Além de compensar os temores em relação à situação na zona do euro, as informações de que o governo chinês prevê crescimento nas exportações e importações do país beneficiaram os papéis do setor de mineração e de siderurgia na Bolsa de São Paulo (Bovespa), que registrou alta de 1,54% e volume de R$ 6,65 bilhões, dos quais R$ 2,42 bilhões corresponderam ao exercício do mercado de opções.
Todas as blue chips fecharam com ganhos, com destaques para Usiminas PNA (3%), Vale ON (2,8%), Vale PNA (2,61%) e Gerdau PN (1,73%).
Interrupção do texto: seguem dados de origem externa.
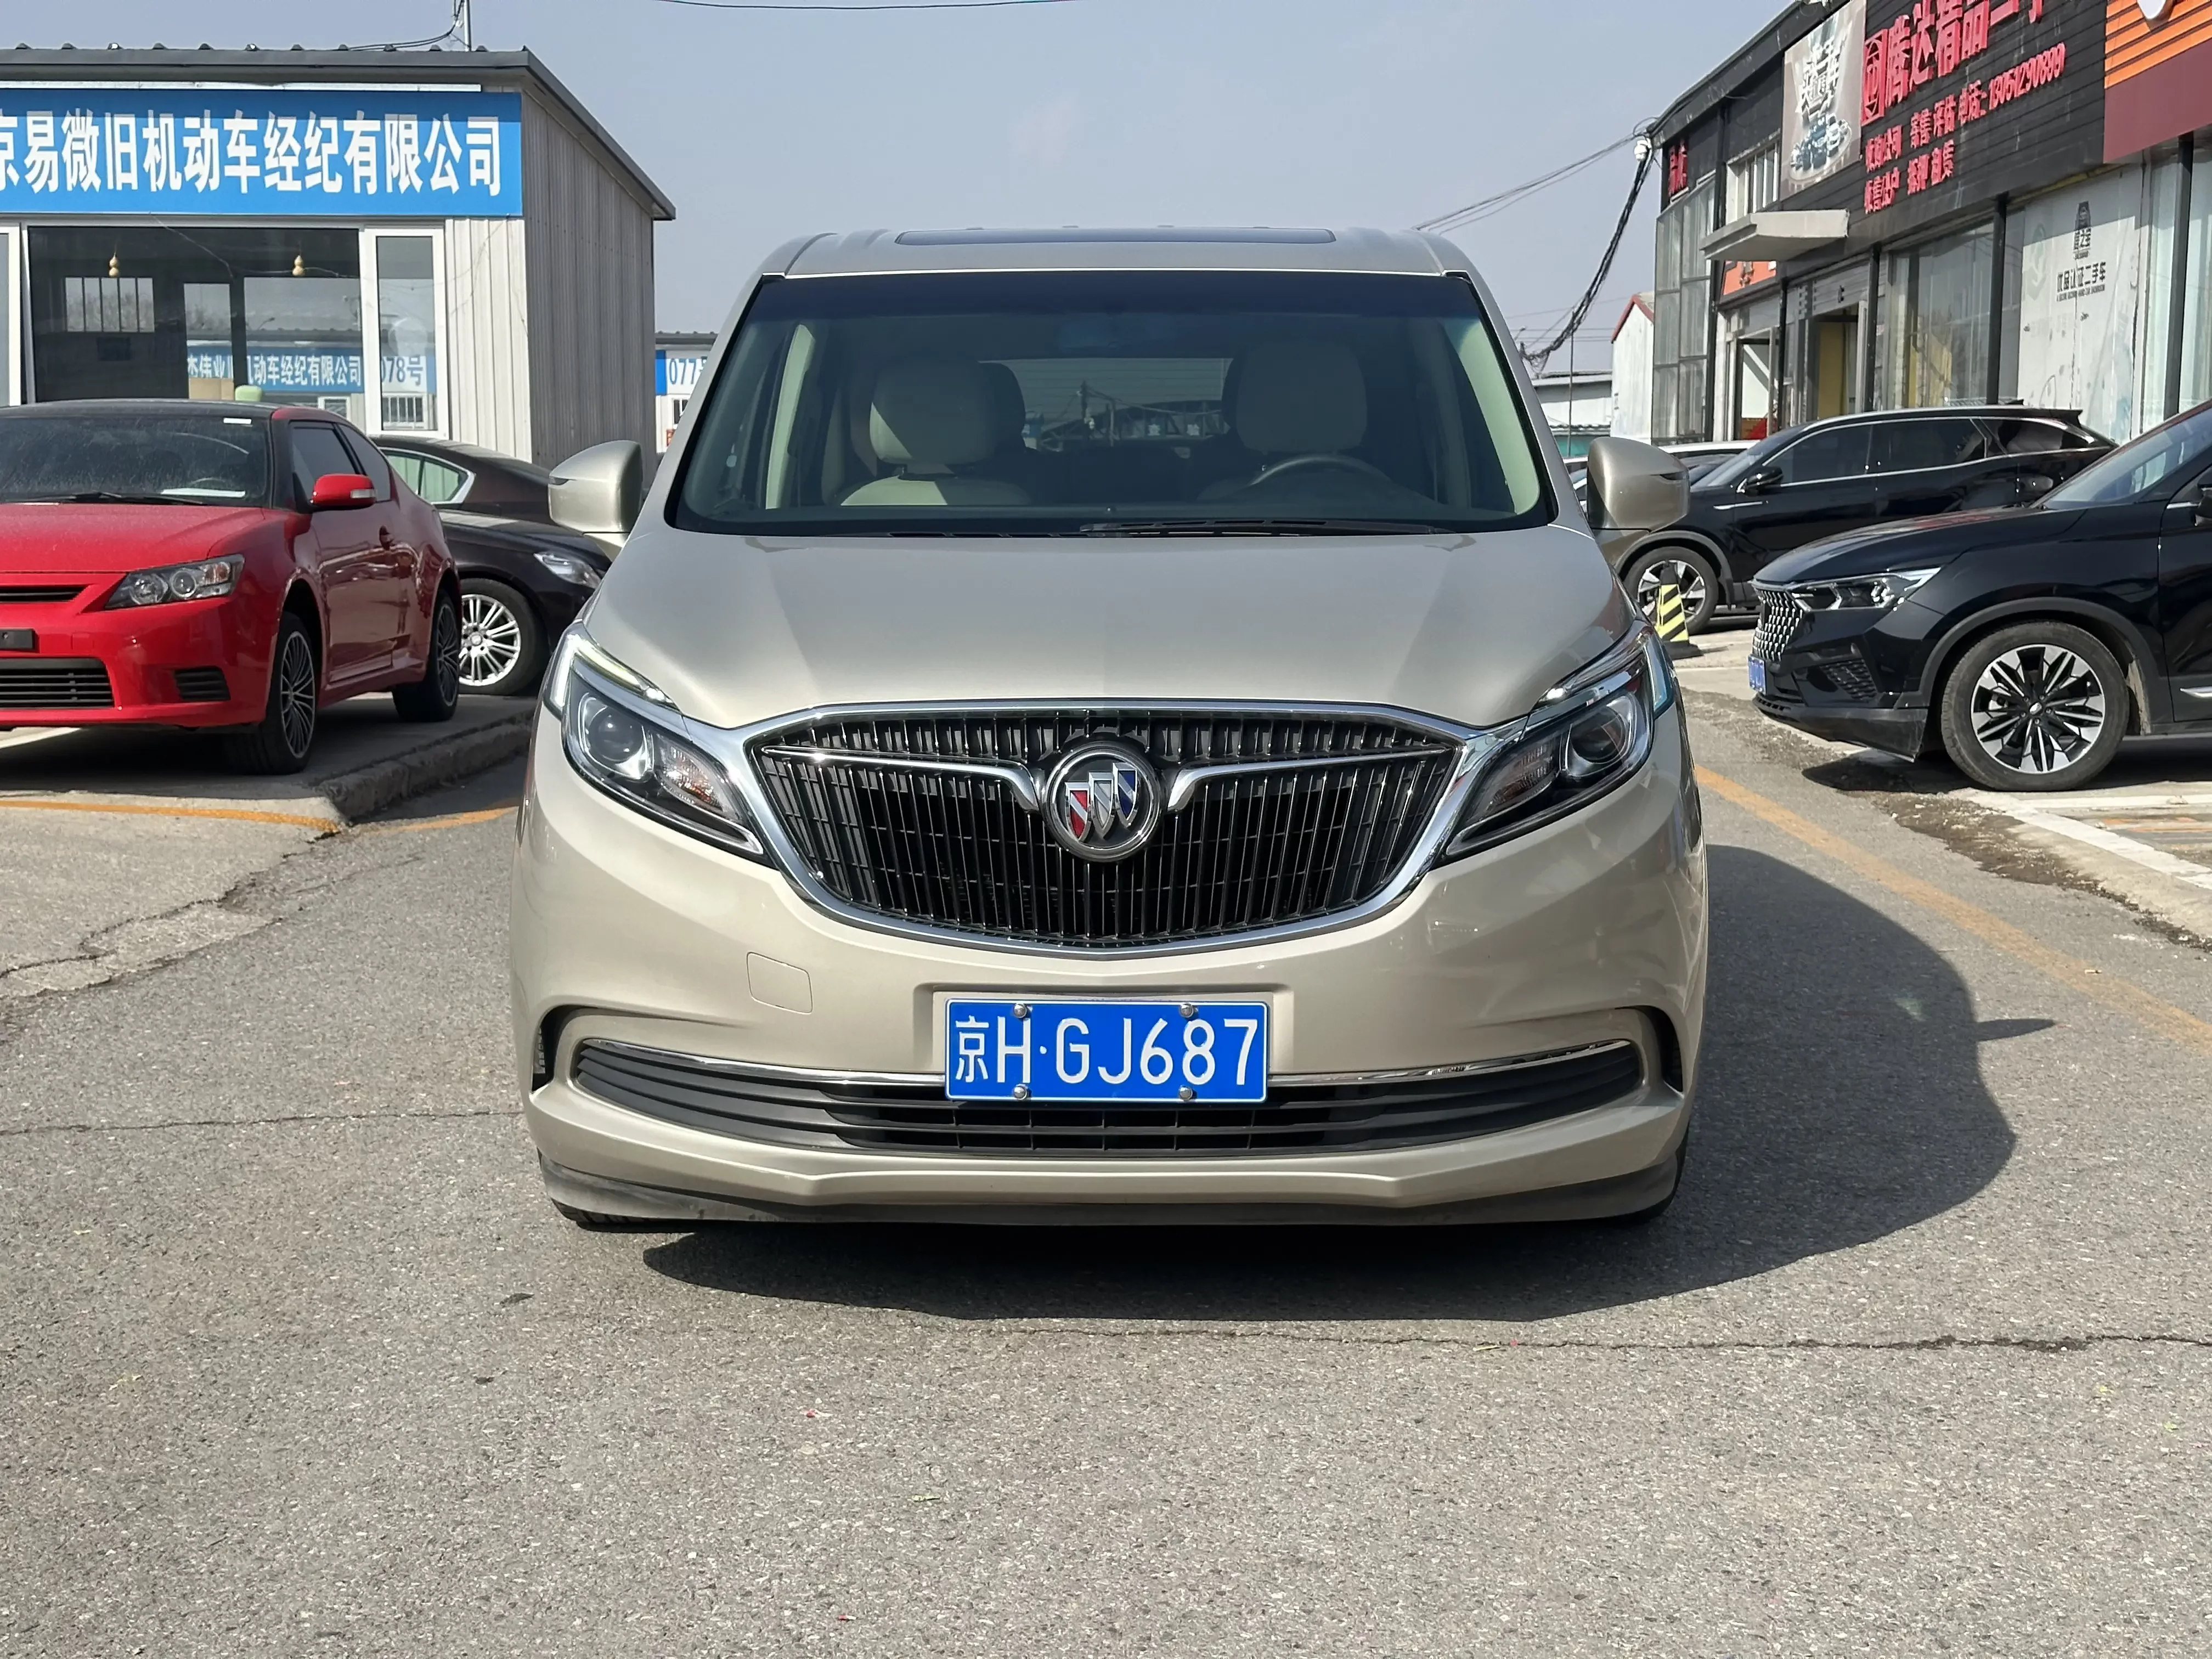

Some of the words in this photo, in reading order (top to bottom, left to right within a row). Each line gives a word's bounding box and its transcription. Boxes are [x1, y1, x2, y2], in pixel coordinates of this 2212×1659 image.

[1885, 0, 2042, 108] 腾达精品
[0, 107, 501, 197] 京易微旧机动车经纪有限公司
[955, 1014, 1259, 1086] 京H·GJ687
Nos EUA, numa sessão de acentuada volatilidade, Wall Street encerrou com valorização de 0,56% graças à divulgação de resultados corporativos favoráveis, como o da Halliburton, empresa do setor petrolífero.
As bolsas europeias, porém, amargaram perdas em decorrência dos problemas da Irlanda, que apresenta aumento do déficit público e queda na atividade econômica. O país é outro dos PIIGS, sigla em inglês do bloco também composto por Portugal, Itália, Grécia e Espanha, a gerar apreensão global nos últimos meses. Os investidores temem que a Itália, maior economia entre os cinco países mais endividados da zona do euro, também possa entrar em crise financeira.